Even though she met two Anglican nuns at the new church, and "got to know them and discovered with some surprise that they were really very nice ordinary human beings, I still didn't relate to them myself. I always thought I'd marry and have a family of my own after a stint in a Third World country."

But, she recalled, "just as I was completing my nurse's training, quite suddenly I realized there was something inside of me that was saying, 'No, you want to try this instead.' "

So at 23, she became a nun. That was 19 years ago and, although she says she has no regrets, in fact "couldn't have done it any other way," she thinks 23 might be "a little too young. Now I wouldn't allow people to enter before they're at least 25."

In 1977, she was elected superior of the community. In 1978, she met Helen and Helen's parents.

Helen House, in Oxford, England, is a respite center for children who are afflicted with catastrophic or fatal illnesses, including cancers and a host of genetic disorders for which there is no cure. The conditions have names such as Hurler's Disease, which was once called Gargoyle Disease because of the child's distorted features. Or there is Hunter's disease and San Filippo's disease.

Helen House is named for a 9-year-old girl who is still alive herself and still comes to Helen House for periods of time.

Until she was almost 3 years old, Helen was a normal, happy toddler. Then there were months of acute illness, in which doctors and nurses felt she could die at any moment.

The acute phase of Helen's illness -- unspecified -- leveled off, but Helen was left with "no means of communication and apparently unaware of her surroundings." There came a time when hospitals could be no more help, and Helen's parents took her home.

As Mother Frances described it recently to an audience of pediatric hospice workers, almost all of whom were in tears by the end, Helen's parents "suddenly found themselves essentially alone. The doctor and the nurses and the clergy were helpful and supportive," she said, "but they'd be there maybe up to 20 minutes a day, and the long hours of the night, where Helen would often not sleep, but cry piteously and inconsolably, took their toll.

"The worst thing, the most tiring thing," said Mother Frances, "was the prolonged grief. Friends, once sympathetic, began to lose interest. They almost wished she had died."

A friend of a friend brought them together with Mother Frances and, as she tells it, "One day I got the courage to ask them to lend her to me."

From that moment, the concept of Helen House was born. Mother Frances, with the help of British schoolchildren and their pence and their pictures, raised the funds -- about 1 1/2 million British pounds -- to build the tiny center, room enough for about eight children. "And they come with family, siblings, pets -- terrapins, for example, and even a tarantula."

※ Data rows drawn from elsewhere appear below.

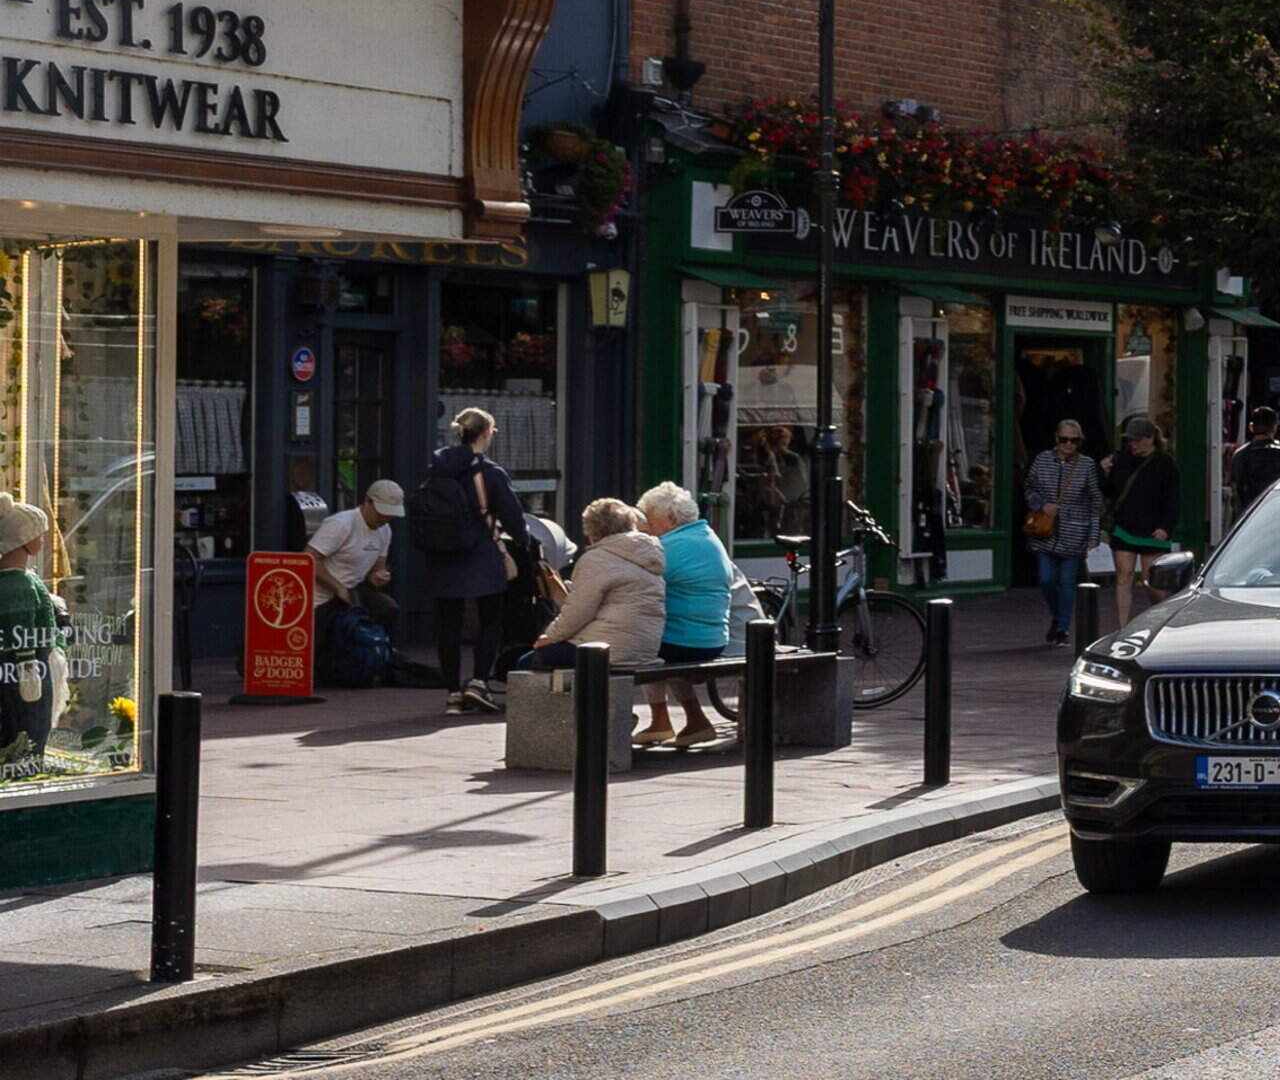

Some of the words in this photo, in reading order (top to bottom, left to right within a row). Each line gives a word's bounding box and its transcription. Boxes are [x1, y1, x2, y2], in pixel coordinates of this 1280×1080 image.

[168, 2, 266, 67] 1938
[2, 56, 290, 143] KNITWEAR
[728, 209, 784, 220] WEAVERS
[831, 208, 981, 261] WEAVERS
[989, 232, 1018, 259] OF
[1029, 229, 1147, 275] IRELAND
[253, 667, 265, 679] &
[266, 668, 304, 680] DODO
[255, 655, 304, 668] BADGER

The hospice runs with one or two professionals and a crew of "OBEs," which Mother Frances describes as "odd bods, extraordinaire." ("We'd never be able to do that in this country," sighs a pediatrician at one of her speeches.)

It gives parents a chance for a break, of course, but it is mostly for the children.

Mother Frances reads this letter from a child whose parents did not tell him he was dying, but who knew it anyway:

"I'm bored at home, and I'm fed up with my parents. Would you please book me into the Snoopy bedroom for the next week, please, and they won't be coming with me.

"They don't know I know,' " he confided to her later. " 'And it is so hard to keep them from finding out that I do."

The hospice's resources, limited though they are, are available to families even after the child has died. And this can be hard, Mother Frances concedes.

"I've never in my life experienced the depth of friendship that one does with the children and the families. I guess because the preliminaries that we normally have to go through just aren't relevant anymore, and differences in classes and races, intellect or religion just have no bearing when a sick child is involved.

"These friendships go so deep, you share in their grief very deeply, again and again. And however strong your belief is in some kind of life after death, it doesn't take the grief away."